In the case of detection of more than one pathogen, rhino/enteroviruses (74% of co-infection cases) were involved in most combinations, followed by adenovirus (30%) and parainfluenza viruses (24%). Furthermore, the combinations of rhino/enterovirus and RSV were the most often observed among all possible combinations (22% of co-infection cases), while the combination of adeno and rhino/enterovirus was in second place (15.2% of co-infection cases).

3.1.3. Pathogen Incidence and Seasonality

Regarding the seasonal distribution of each pathogen, the monthly detection percentage of the five pathogens with the highest incidence (adenovirus, rhino/enteroviruses, SARS-CoV, and influenza A virus) is shown in Figure 2.
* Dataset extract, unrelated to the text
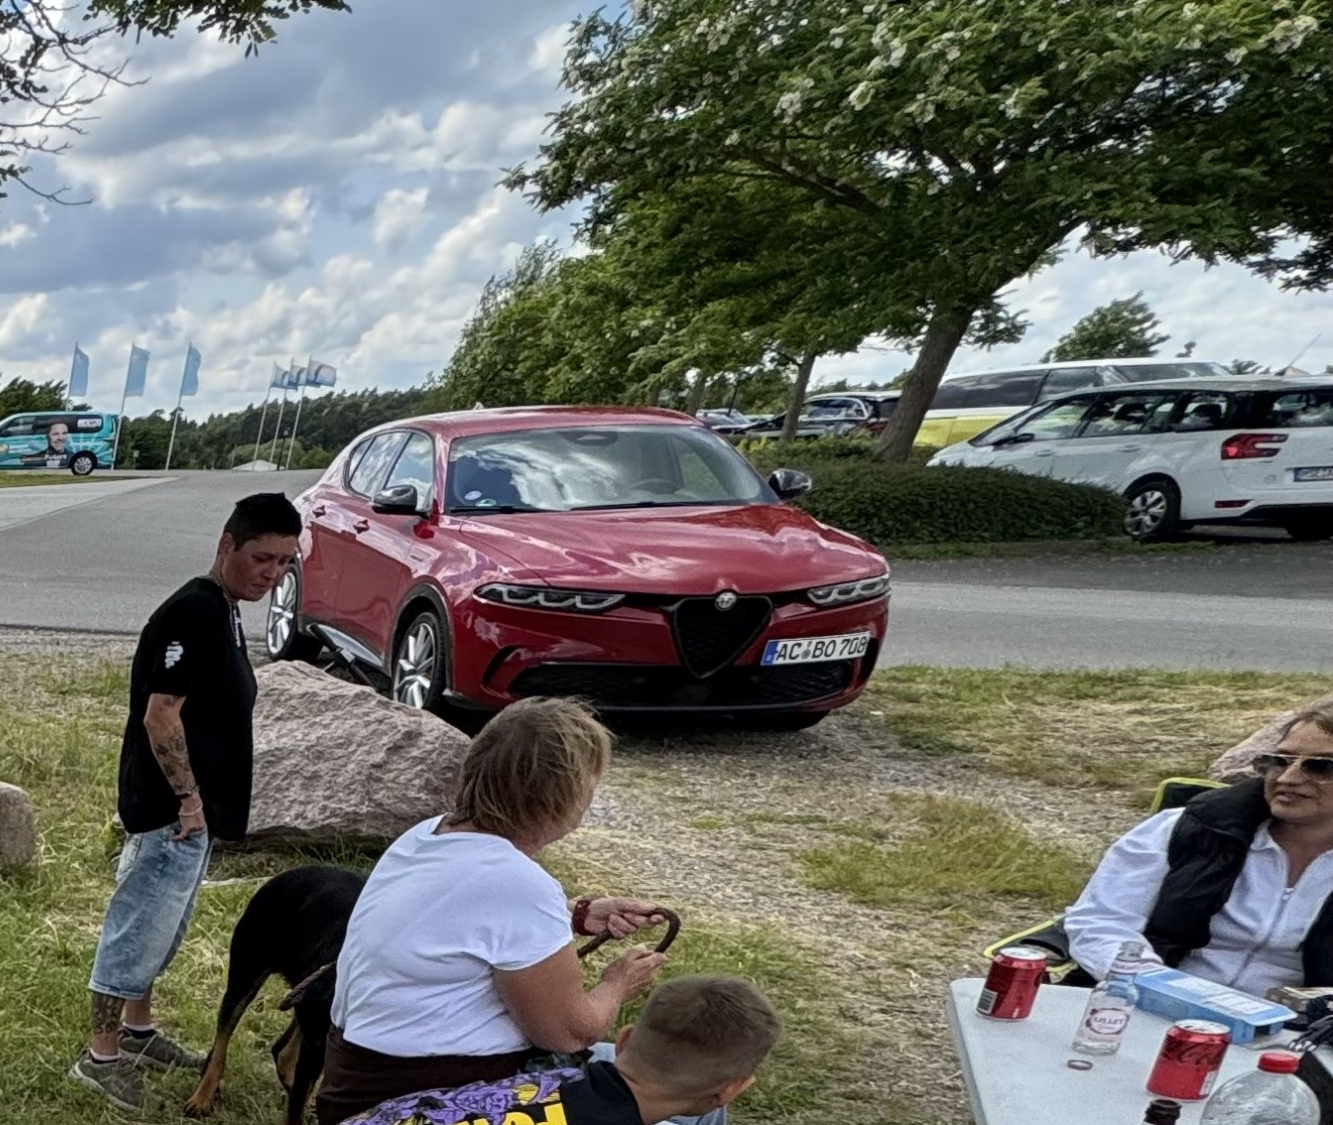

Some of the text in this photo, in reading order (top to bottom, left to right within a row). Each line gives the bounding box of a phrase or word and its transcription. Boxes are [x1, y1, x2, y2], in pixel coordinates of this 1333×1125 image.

[776, 635, 868, 661] AC BO 708
3.1.4. Pathogen Incidence by Age

Among the detectable pathogens, mycoplasma was the germ with the highest mean patient age (9.3 years ± 3.9), while the lowest was observed for RSV (2 years ± 2.9). Figure 3 shows the mean age at detection for every respiratory pathogen.
Regarding further grouping into age groups (0–6, 6–12, >12 years), most inpatient cases affected children up to 6 years of age, especially during their first year of life. In the age group of 0–6-year-olds, rhino/enteroviruses (34.6% of positive cases) were the pathogens with the highest incidence, followed by RSV (18.8%). RSV was the virus accounting for most cases in infants <1 year of age (30.3% of positive cases), but rhino/enteroviruses (42%) are the predominant pathogens in the neonatal period (children up to 28 days of life).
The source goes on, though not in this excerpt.